SERVFAIL: The Unintended Consequences of Algorithm Agility in DNSSEC

Cryptographic algorithm agility is an important property for DNSSEC: it allows easy deployment of new algorithms if the existing ones are no longer secure. Significant operational and research efforts are dedicated to pushing the deployment of new algorithms in DNSSEC forward. Recent research shows that DNSSEC is gradually achieving algorithm agility: most DNSSEC supporting resolvers can validate a number of different algorithms and domains are increasingly signed with cryptographically strong ciphers. In this work we show for the first time that the cryptographic agility in DNSSEC, although critical for making DNS secure with strong cryptography, also introduces a severe vulnerability. We find that under certain conditions, when new algorithms are listed in signed DNS responses, the resolvers do not validate DNSSEC. As a result, domains that deploy new ciphers, risk exposing the validating resolvers to cache poisoning attacks.
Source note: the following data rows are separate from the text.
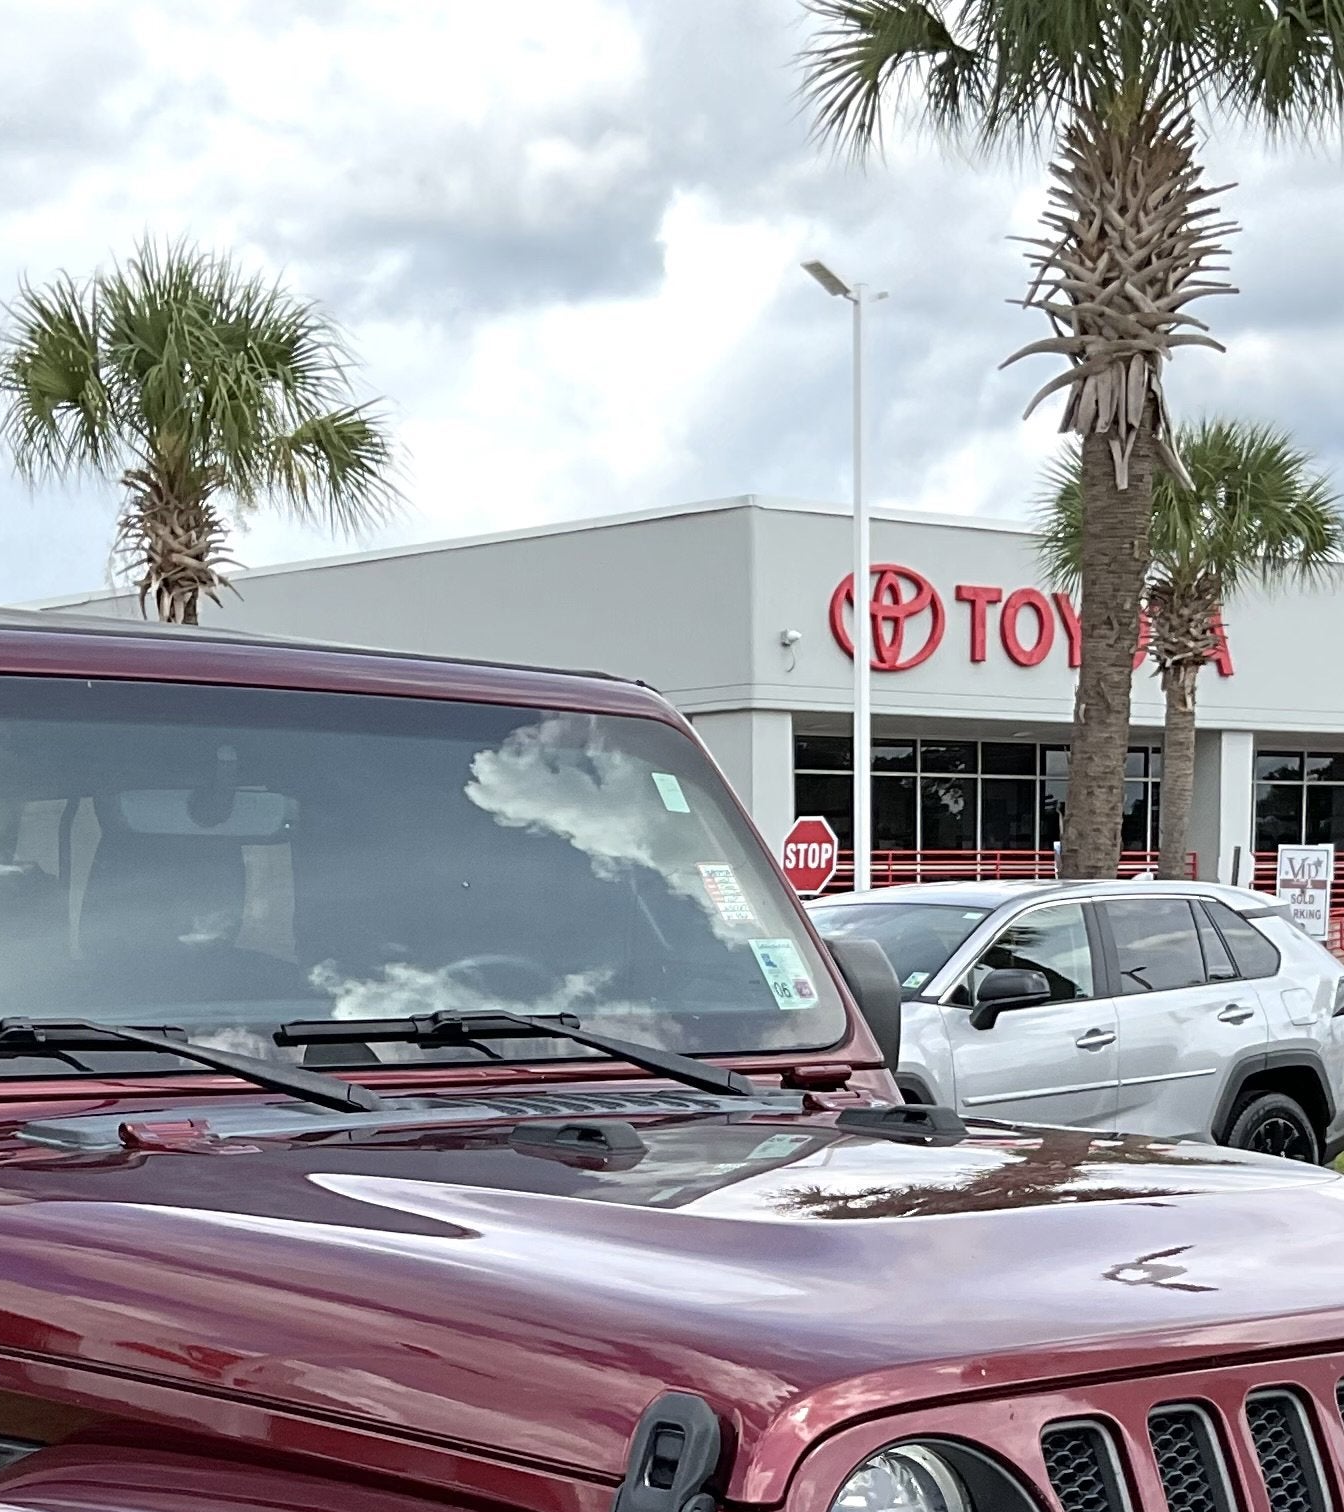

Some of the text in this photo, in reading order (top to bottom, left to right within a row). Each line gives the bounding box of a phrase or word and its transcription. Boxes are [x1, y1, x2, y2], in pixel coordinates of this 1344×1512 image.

[955, 585, 1234, 677] TOY
[785, 842, 832, 869] STOP
[1290, 893, 1315, 905] SOLD
[1293, 908, 1321, 920] RKING
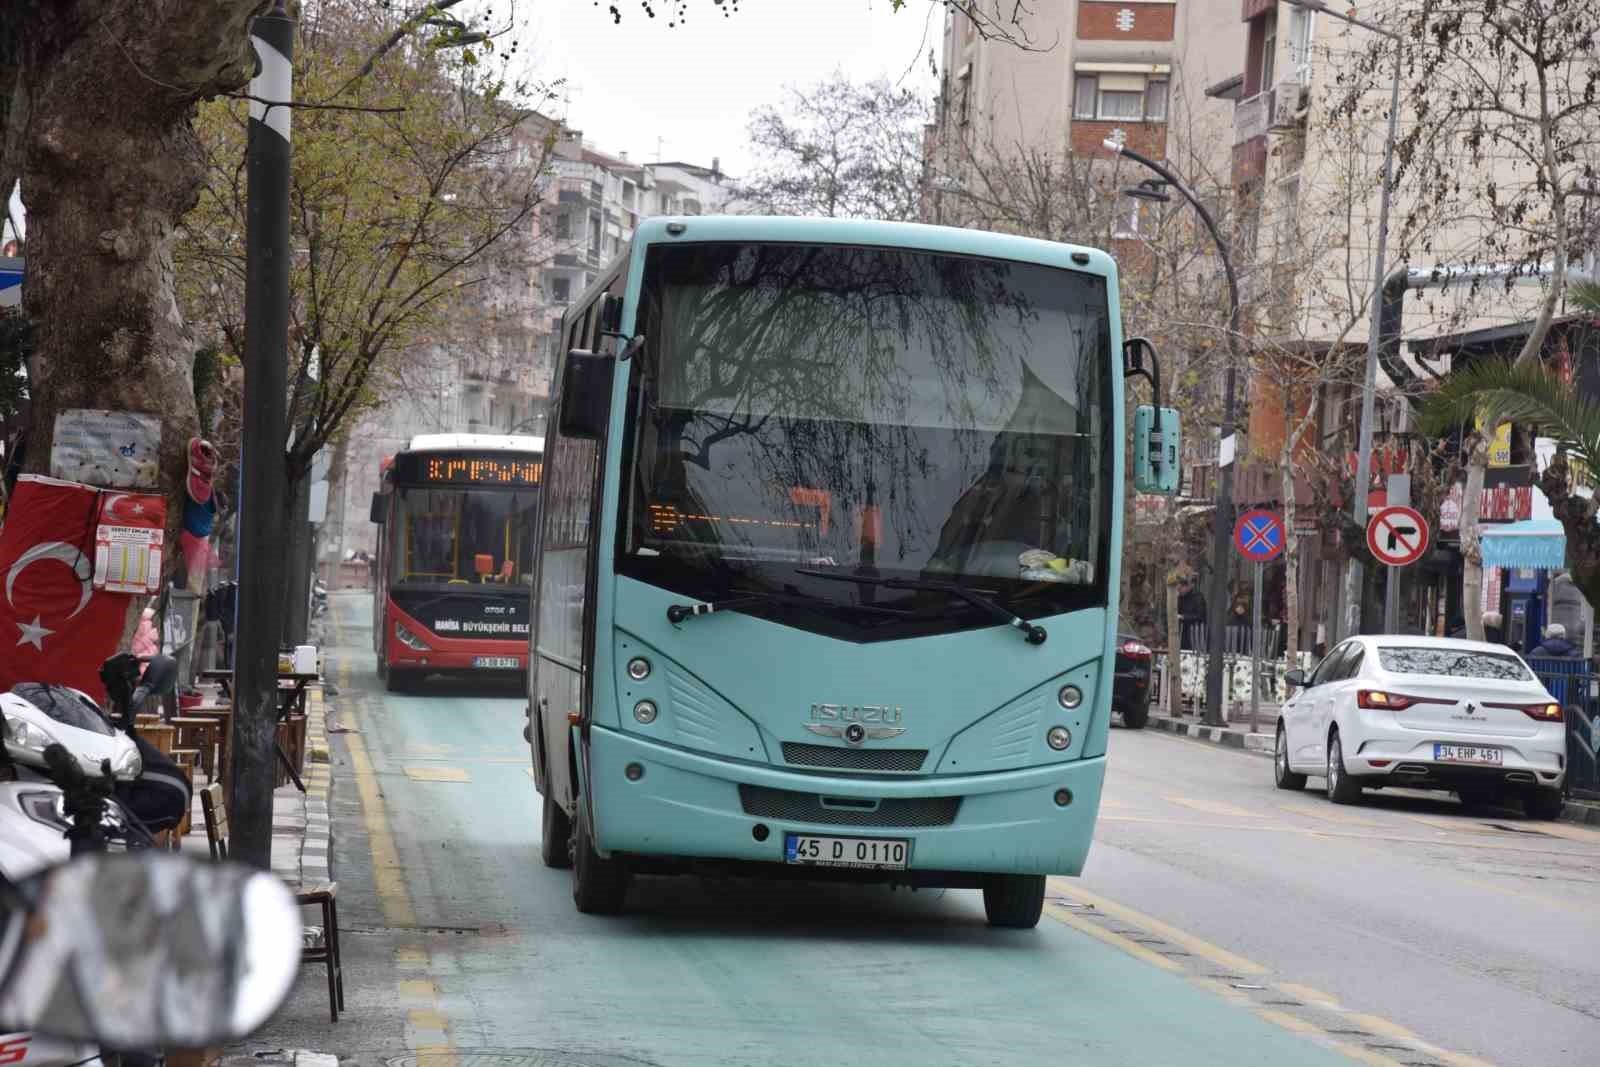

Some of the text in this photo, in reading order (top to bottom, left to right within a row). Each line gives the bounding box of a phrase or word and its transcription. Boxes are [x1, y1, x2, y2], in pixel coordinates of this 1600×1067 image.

We use this to develop DNSSEC-downgrade attacks and show that in some situations these attacks can be launched even by off-path adversaries. We experimentally and ethically evaluate our attacks against popular DNS resolver implementations, public DNS providers, and DNS services used by web clients worldwide. We validate the success of DNSSEC-downgrade attacks by poisoning the resolvers: we inject fake records, in signed domains, into the caches of validating resolvers. We find that major DNS providers, such as Google Public DNS and Cloudflare, as well as 70% of DNS resolvers used by web clients are vulnerable to our attacks. We trace the factors that led to this situation and provide recommendations.